Prompt
Could you return all of the records exactly, minus their images?

The records
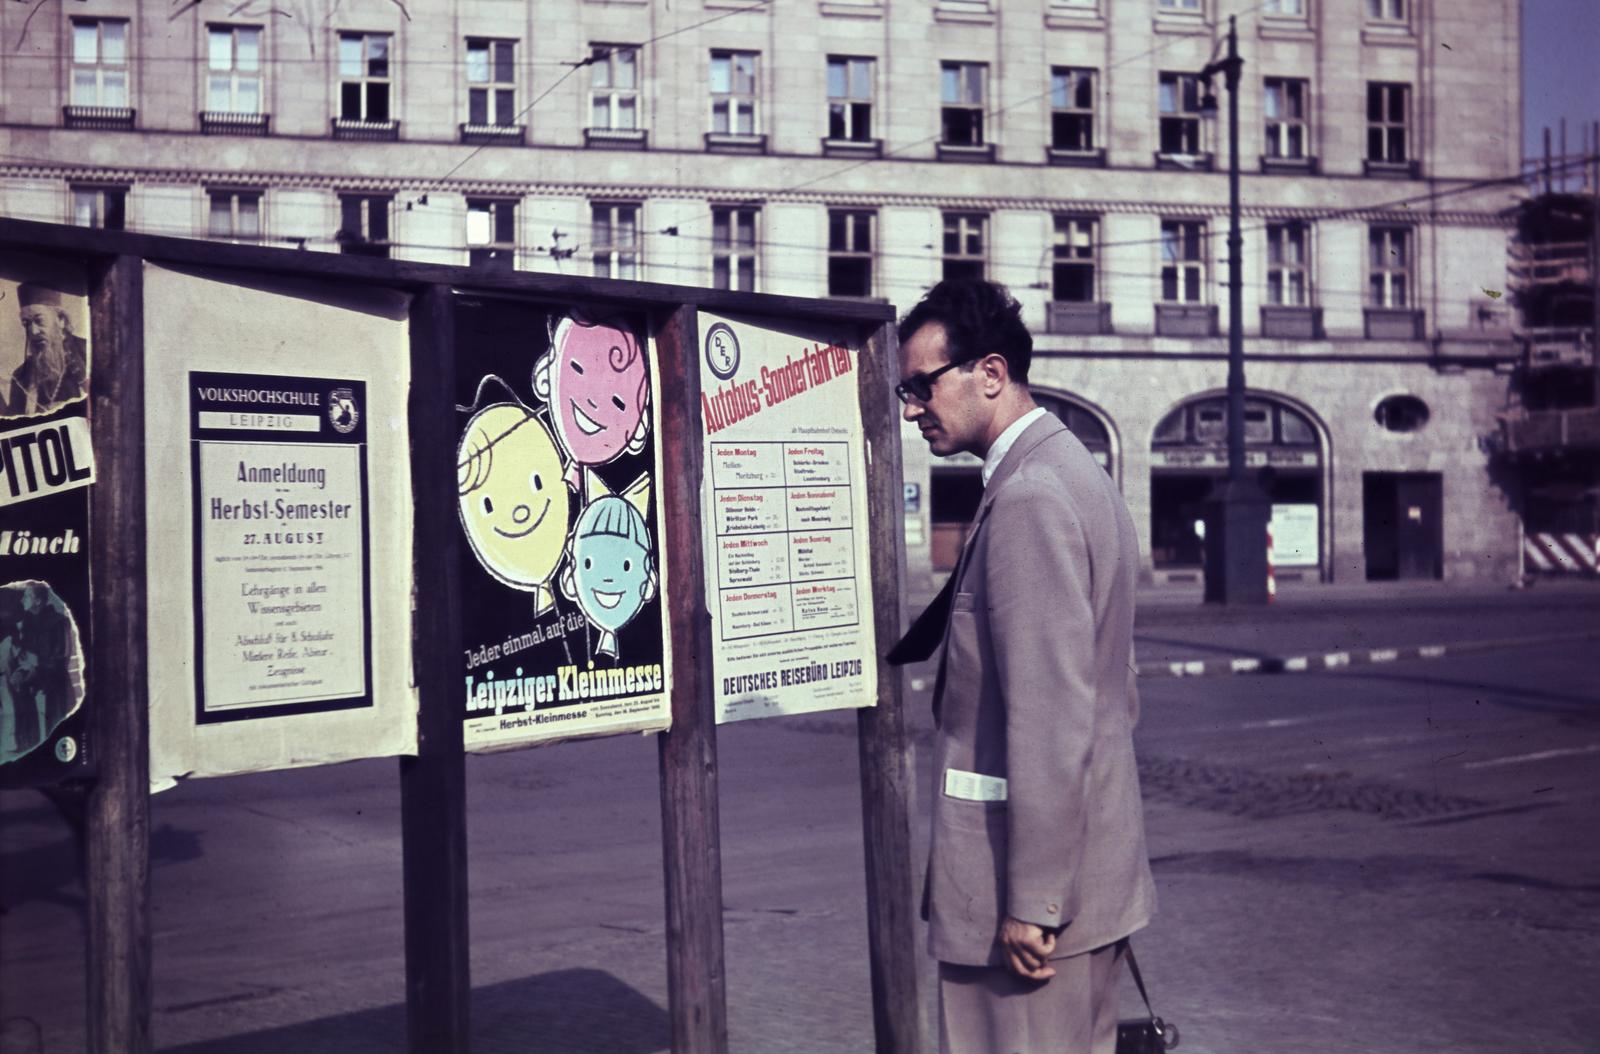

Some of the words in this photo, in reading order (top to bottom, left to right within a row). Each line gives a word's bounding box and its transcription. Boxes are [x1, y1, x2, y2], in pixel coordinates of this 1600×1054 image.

[715, 336, 731, 367] DER
[198, 387, 321, 406] VOLKSHOCHSCHULE
[701, 344, 853, 435] Autobus-Sonderfahrten
[230, 413, 294, 428] LEIPZIG
[0, 424, 91, 498] ITOL
[717, 448, 734, 456] Jeden
[735, 448, 757, 457] Montag
[804, 447, 824, 456] Freitag
[238, 461, 326, 490] Anmeldung
[738, 494, 763, 502] Dienstag
[211, 498, 352, 520] Herbst-Semester
[243, 533, 261, 545] 27.
[263, 532, 324, 545] AUGUST
[723, 541, 739, 549] Jeden
[241, 583, 290, 599] Lehrgänge
[306, 582, 327, 593] allen
[726, 594, 743, 602] Jeden
[796, 587, 812, 595] Jeden
[812, 585, 836, 594] Werktag
[465, 645, 501, 670] Jeder
[502, 624, 546, 656] einmal
[547, 615, 566, 639] auf
[566, 612, 585, 631] die
[724, 671, 778, 695] DEUTSCHES
[781, 661, 828, 687] REISEBÜRO
[831, 659, 862, 679] LEIPZIG
[465, 667, 557, 715] Leipziger
[557, 660, 662, 700] Kleinmesse
[500, 710, 588, 730] Herbst-Kleinmesse

Result for this task
Some of the words in this photo, in reading order (top to bottom, left to right within a row). Each line gives a word's bounding box and its transcription. Boxes are [x1, y1, x2, y2], in pixel coordinates of this 1600×1054 image.

[715, 336, 731, 367] DER
[198, 387, 321, 406] VOLKSHOCHSCHULE
[701, 344, 853, 435] Autobus-Sonderfahrten
[230, 413, 294, 428] LEIPZIG
[0, 424, 91, 498] ITOL
[717, 448, 734, 456] Jeden
[735, 448, 757, 457] Montag
[804, 447, 824, 456] Freitag
[238, 461, 326, 490] Anmeldung
[738, 494, 763, 502] Dienstag
[211, 498, 352, 520] Herbst-Semester
[243, 533, 261, 545] 27.
[263, 532, 324, 545] AUGUST
[723, 541, 739, 549] Jeden
[241, 583, 290, 599] Lehrgänge
[306, 582, 327, 593] allen
[726, 594, 743, 602] Jeden
[796, 587, 812, 595] Jeden
[812, 585, 836, 594] Werktag
[465, 645, 501, 670] Jeder
[502, 624, 546, 656] einmal
[547, 615, 566, 639] auf
[566, 612, 585, 631] die
[724, 671, 778, 695] DEUTSCHES
[781, 661, 828, 687] REISEBÜRO
[831, 659, 862, 679] LEIPZIG
[465, 667, 557, 715] Leipziger
[557, 660, 662, 700] Kleinmesse
[500, 710, 588, 730] Herbst-Kleinmesse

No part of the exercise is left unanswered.